One of the downsides to having such a long and influential career is that Clapton’s current work is always measured against his past successes. He admits that he’s easily insulted when people tell him that they prefer his earlier work: “People have said to me, ‘Your best work was with Cream.’ And I think, ‘Oh, well, I know you think you’re paying me a huge compliment, but in actual fact, it’s kind of, y’know, it’s a little bit upsetting that you don’t care about what I’m doing now.'”
Jimmy Page is one of many Clapton fans who’s impressed with not only his guitar chops — but his songwriting as well: “He’s got a great body of work, hasn’t he? He really understood the blues and how to play it, and he turned a lot of people on to that. In the early days — I’m talking about right in the early days when he had the technique of the finger tremolo and everyone else was wondering what it was — he’s had some good songs. On the Derek & The Dominos albums, there was some nice songs.”
Phil Collins, who produced and performed with Clapton throughout the 1980’s, told us that one of the biggest highlights of his career was playing live with Clapton: “The most exciting, I think, was playing drums in Eric Clapton’s band. Of all the things I’ve done. It doesn’t involve anything to do with my songs.”

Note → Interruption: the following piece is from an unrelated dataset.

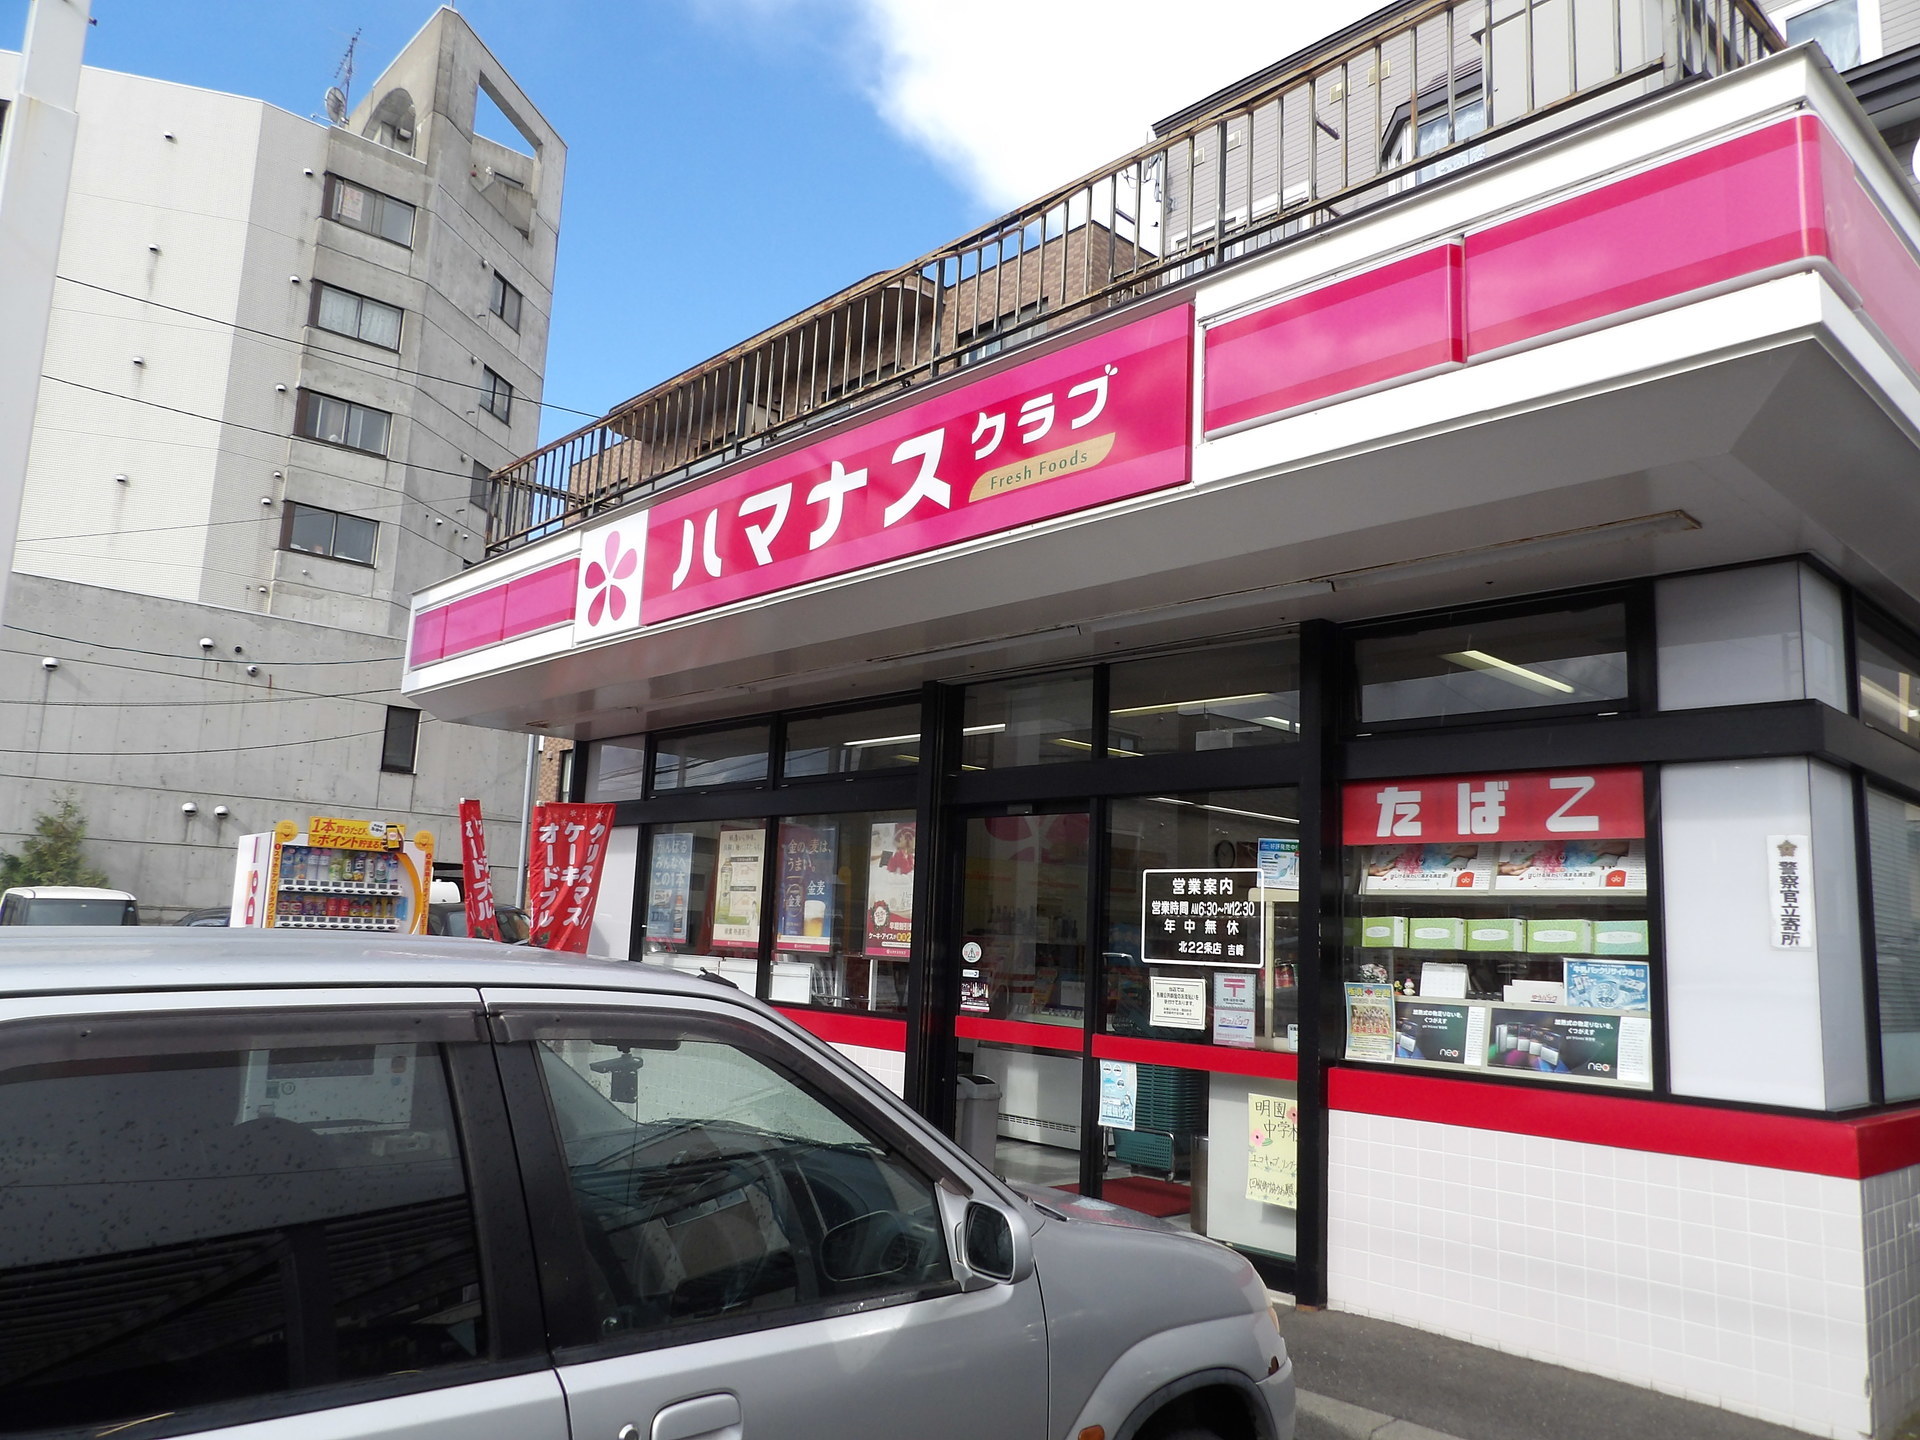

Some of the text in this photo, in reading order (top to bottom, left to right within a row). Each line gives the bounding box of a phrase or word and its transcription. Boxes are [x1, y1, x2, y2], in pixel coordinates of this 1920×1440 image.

During their sole 1991 joint tour of Japan together, George Harrison was asked about his long and storied friendship with Clapton — which involved Clapton actually marrying Harrison’s first wife, Pattie Boyd: “It’s simple — but it’s difficult, because what attracts any people together? It’s something mutual that you like. Y’know, sometimes you can say it’s they way he bends the string, or it’s the way he says ‘hello.’ It’s difficult to say. It’s just an attraction in our lives. It’s also the way he bends the notes.”
Sadly, this past March 20th marked the 32nd anniversary of the death of Clapton’s four-year-old son Connor with ex-girlfriend Lory del Santo. Connor, who had fallen to his death from her New York City apartment, inspired Clapton’s multi-Grammy award winning ballad “Tears In Heaven.”
Eric Clapton, who’s now happily married with four daughters, said that having a stable family and home life keeps him grounded: “I’m hoping, maybe, that there’s an evolution going on in my character, which makes it so that I’m just a little bit more accessible — a little bit more sane — about the reality of what I need to be, y’know, and what my life is composed of these days. I’m married and I have kids, and that, that home thing is actually there, and is actually waiting for me. So it’s not so much anxiety about that anymore. Nothing has to be that drastic or dramatic as it used to be.”